Succede questo: quando la scuola finisce, e resta solo la burocrazia, arriva una montagna invalicabile di stanchezza. Vuoi solo non fare niente e dormire, ma anche di fare niente e di dormire non hai voglia.
Durante l'anno giugno è un miraggio: il momento in cui mettere a posto la casa, selezionare i libri e riordinare le librerie, svuotare lo sgabuzzino, fare quelle visite mediche che hai rimandato per mesi. Poi giugno arriva e vorresti non fare neppure questo.
Ho visto al cinema The detachment. Sicuramente non mi ha fatto bene, ma è un film che va visto: tutta la buona volontà e l'impotenza di questo mestiere. Il prof. Barthes confessa una cosa fondamentale: alcuni di noi insegnanti lavorano convinti di poter fare la differenza. E' tutto qui il problema di questo mestiere: l'idea di poter fare qualcosa e l'enorme frustrazione davanti al fallimento.
Molto spesso mi sono sentita quella responsabilità, la responsabilità di poter fare la differenza nelle vite dei miei alunni. Esserci/ non esserci, guardarli/ non guardarli, ascoltarli/ non ascoltarli, parlare con loro/ non parlare con loro, parlare/ non parlare con i genitori. Ho cercato di fare in modo che a guidare le mie scelte fosse sempre il loro bene, il bene dei miei alunni. Naturalmente ho una mia idea del loro bene, e questo mi ha fatto commettere molti sbagli.
Qualcuno mi ha detto che si tratta di un delirio di onnipotenza: né io né i miei colleghi possiamo cambiare la vita di nessuno dei nostri allievi, i nostri allievi andranno dietro alle loro famiglie e se le loro famiglie forniscono esempi negativi noi non possiamo fare proprio nulla per sottrarli al loro destino. Se un giorno mi convincessi veramente di questo lascerei questo lavoro. Anzi, trovo addirittura che vivere al mondo con questa convinzione sia intollerabile. La mia idea è che potenzialmente tutti possono fare la differenza.
In una giornata grigia il barista che ti sorride e ti fa una battuta fa la differenza. La mattina andando al lavoro gli operatori ecologici che con un sorriso mi tolgono il sacchetto delle immondizie dalla mano fanno la differenza. Quel signore che da anni incontro mentre vado a scuola e che immagino essere un professore di musica che va in un'altra scuola da un'altra parte della città fa la differenza. Fa la differenza la segretaria che mi chiede come va con il mio stomaco. Fa la differenza il bidello che mi aiuta con le fotocopie. Fanno la differenza le colleghe che collaborano.
Fanno la differenza perché l'altra strada, quella dell'indifferenza, è veramente molto molto trafficata.

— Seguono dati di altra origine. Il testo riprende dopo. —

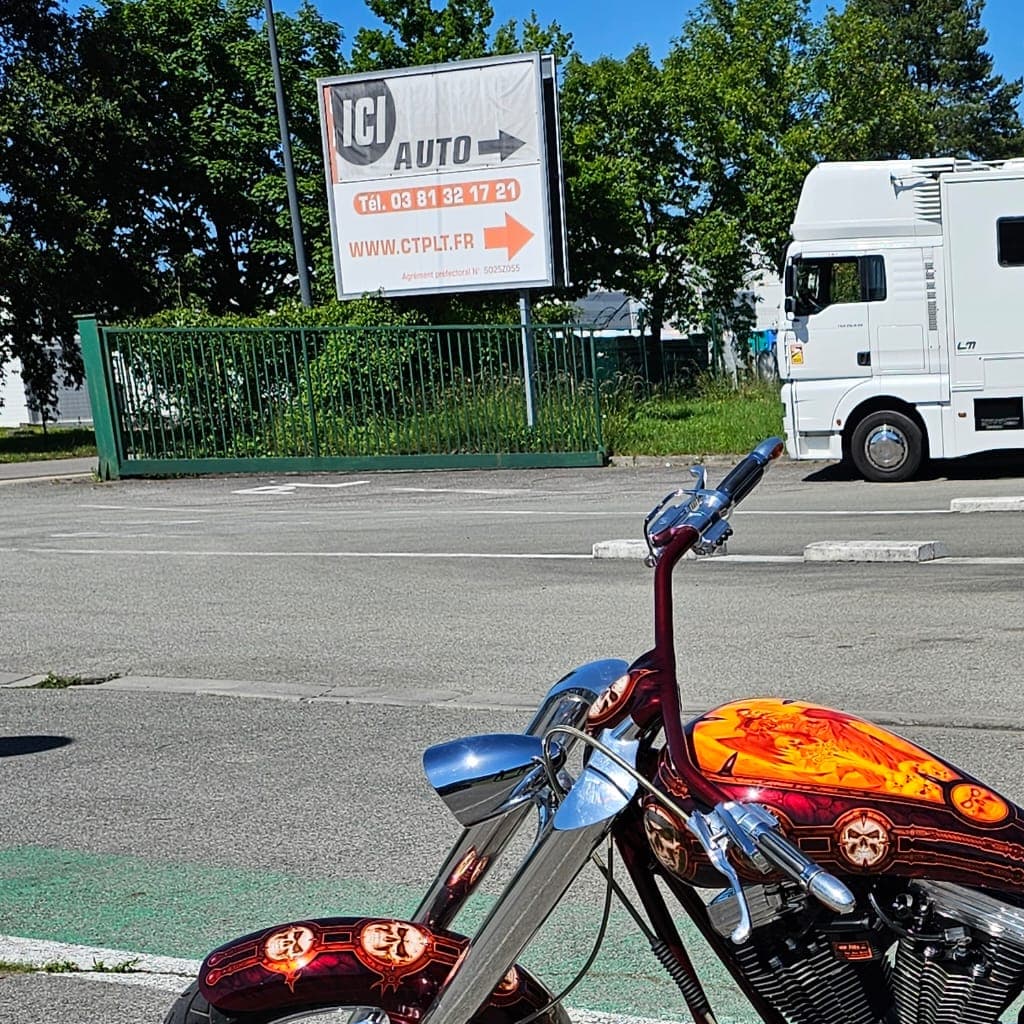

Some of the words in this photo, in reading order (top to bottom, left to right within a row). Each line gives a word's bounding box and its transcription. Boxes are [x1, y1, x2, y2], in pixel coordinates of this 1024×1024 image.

Non posso credere che i miei sforzi e le mie attenzioni debbano inevitabilmente cadere nel vuoto, come frecce lanciate sempre fuori dal bersaglio, devo credere che qualche cosa prima o poi vada a buon fine.

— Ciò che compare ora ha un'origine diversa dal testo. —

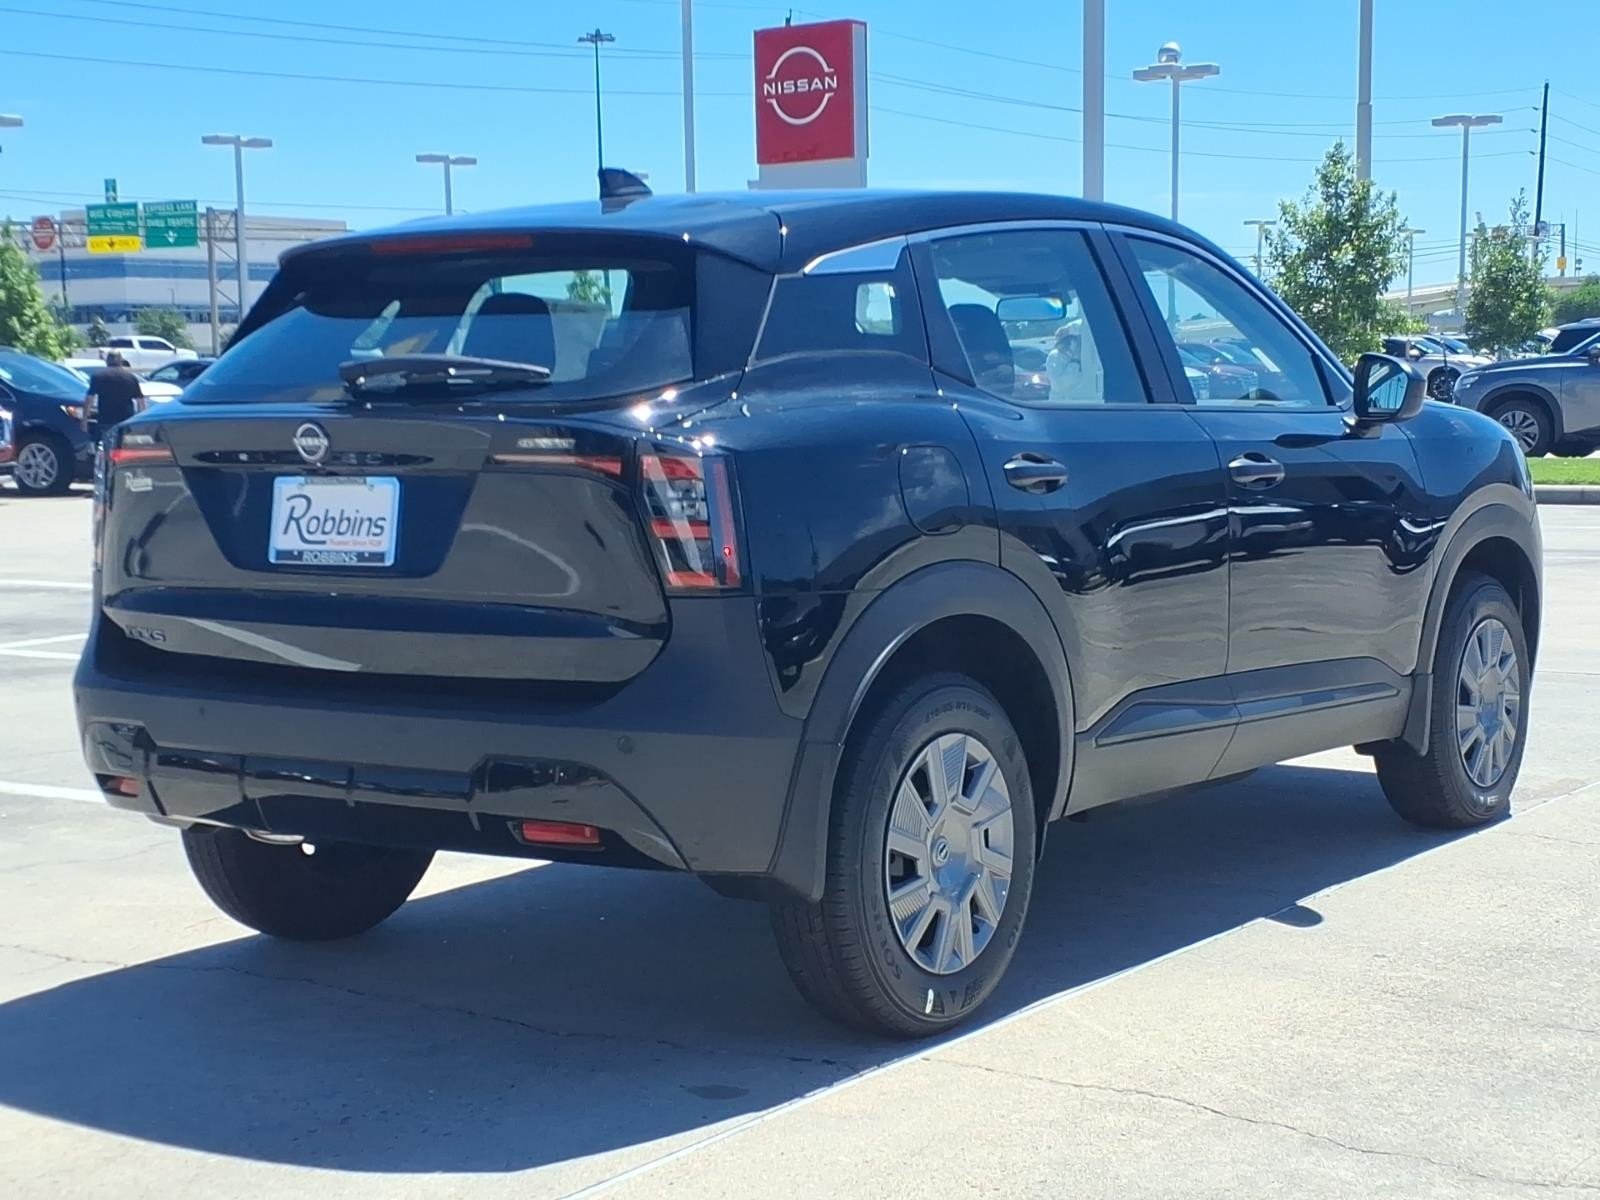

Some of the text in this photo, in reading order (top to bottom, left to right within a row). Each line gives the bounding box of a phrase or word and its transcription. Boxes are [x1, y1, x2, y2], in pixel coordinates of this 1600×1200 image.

[763, 75, 838, 97] NISSAN
[176, 202, 194, 211] LANE
[283, 493, 387, 545] Robbins
[302, 550, 359, 563] ROBBINS
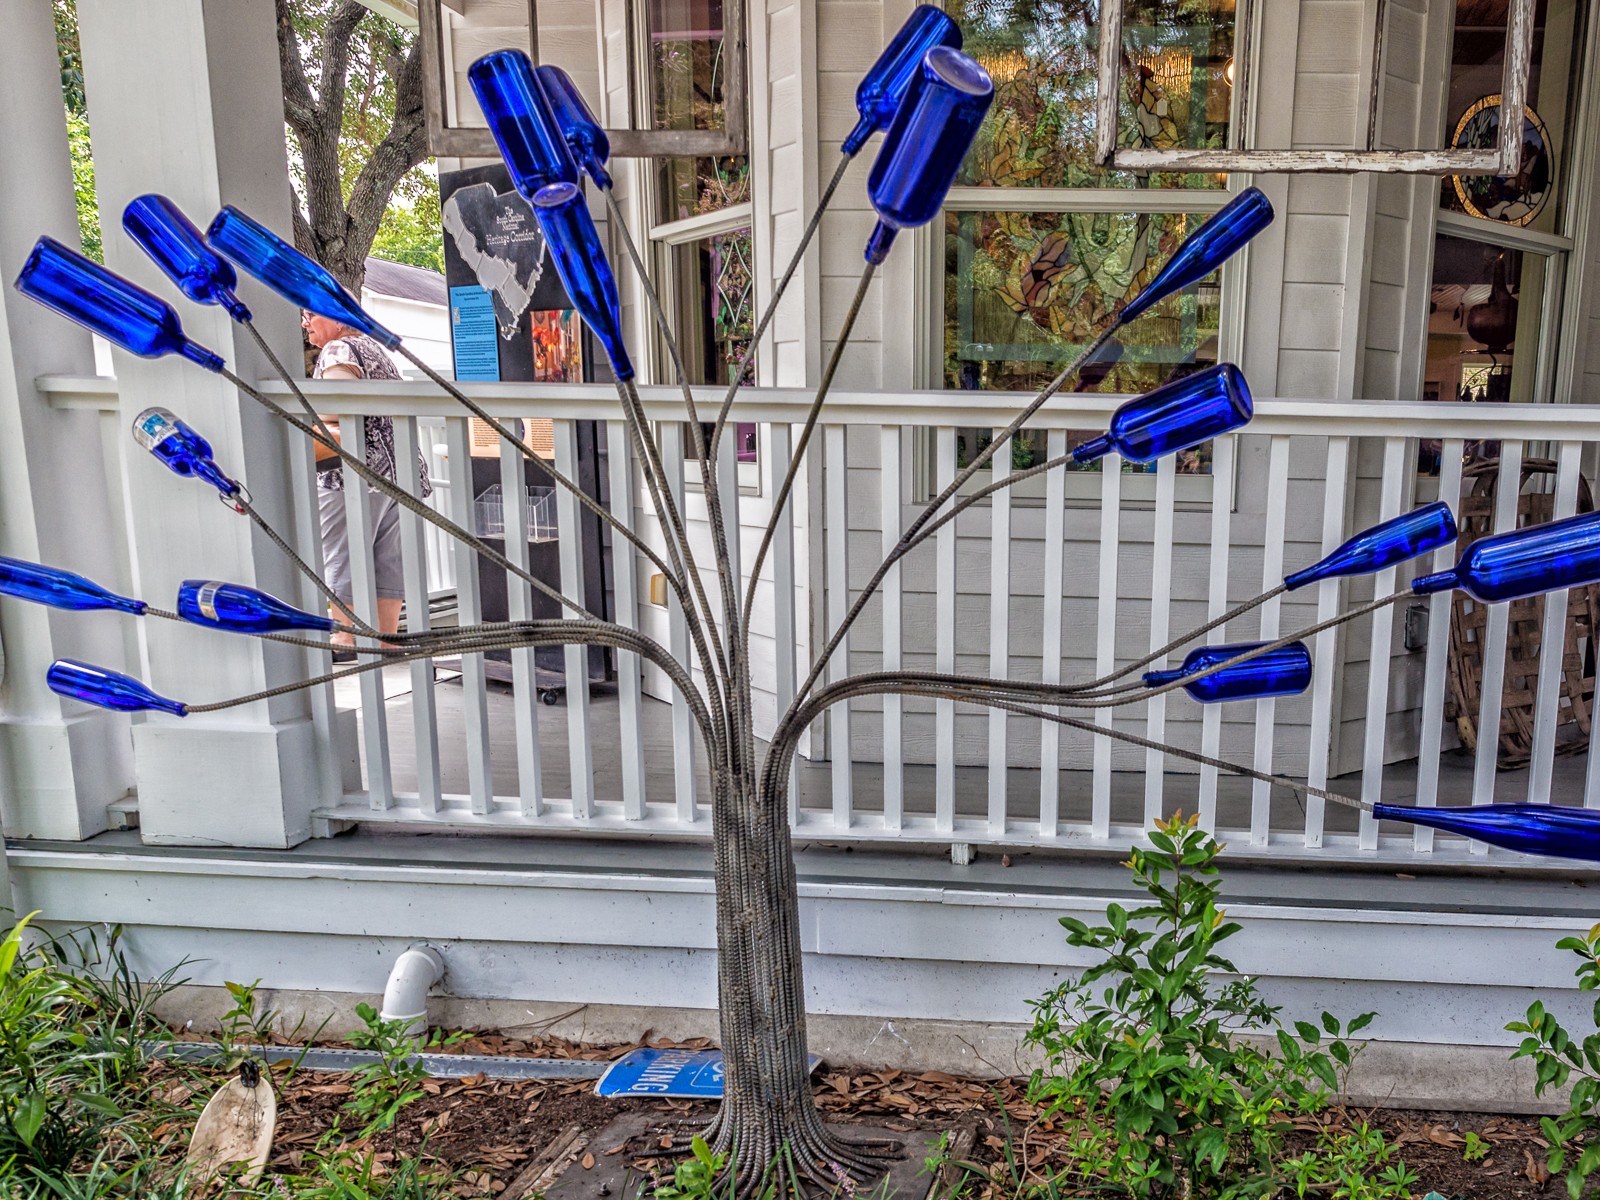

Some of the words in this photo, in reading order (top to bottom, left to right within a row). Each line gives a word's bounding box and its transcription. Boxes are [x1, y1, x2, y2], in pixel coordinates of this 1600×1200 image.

Il problema è che i fallimenti ci sono sempre e sono violentemente evidenti: il bambino ritirato da scuola, la bambina che ancora non vuole interessarsi a nulla, il bambino che ancora non crede in se stesso, la bambina che proprio non ha imparato. Ma come fare a vedere i successi? Quale di questi nostri allievi rivedremo tra vent'anni e ci racconterà come ha saputo tenersi in piedi nella vita?
Sono semi che noi piantiamo giorno dopo giorno, ma i frutti possiamo solo intuirli, immaginarli nei decenni a venire.
Forse per questo a fine anno alcuni di noi sono depressi.
Ci si volta in dietro e ci si chiede: che cosa ho fatto?
Probabilmente si guarda dalla parte sbagliata, la risposta è avanti.